## YOUR OBJECTIVE
An exact copy of each line below is needed, with no images in it.

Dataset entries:
>>>

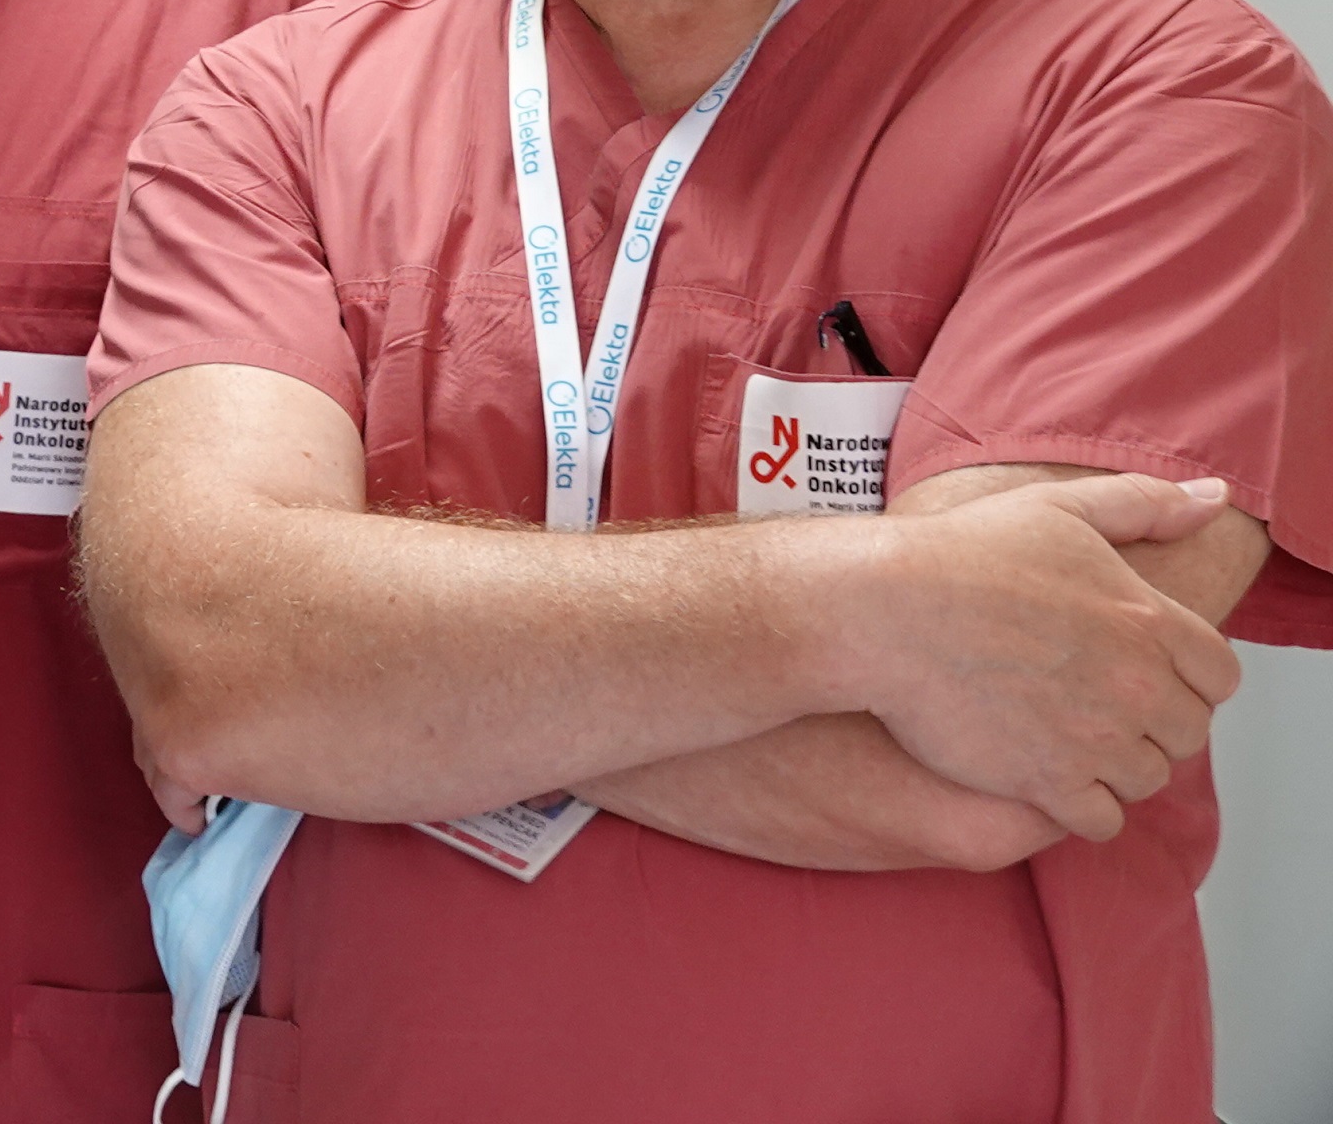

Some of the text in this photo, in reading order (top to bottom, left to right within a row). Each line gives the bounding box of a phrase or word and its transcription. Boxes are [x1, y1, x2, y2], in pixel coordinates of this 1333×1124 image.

[518, 108, 541, 175] Elekta
[635, 158, 682, 232] Elekta
[534, 246, 562, 326] Elekta
[591, 322, 629, 405] Elekta
[13, 431, 86, 451] Onkolog
[14, 414, 86, 432] Instytut
[551, 411, 578, 490] Elekta
[806, 433, 890, 452] Narodow
[808, 476, 884, 495] Onkolo

<<<

## COMPLETED TASK
Some of the text in this photo, in reading order (top to bottom, left to right within a row). Each line gives the bounding box of a phrase or word and its transcription. Boxes are [x1, y1, x2, y2], in pixel coordinates of this 1333×1124 image.

[518, 108, 541, 175] Elekta
[635, 158, 682, 232] Elekta
[534, 246, 562, 326] Elekta
[591, 322, 629, 405] Elekta
[13, 431, 86, 451] Onkolog
[14, 414, 86, 432] Instytut
[551, 411, 578, 490] Elekta
[806, 433, 890, 452] Narodow
[808, 476, 884, 495] Onkolo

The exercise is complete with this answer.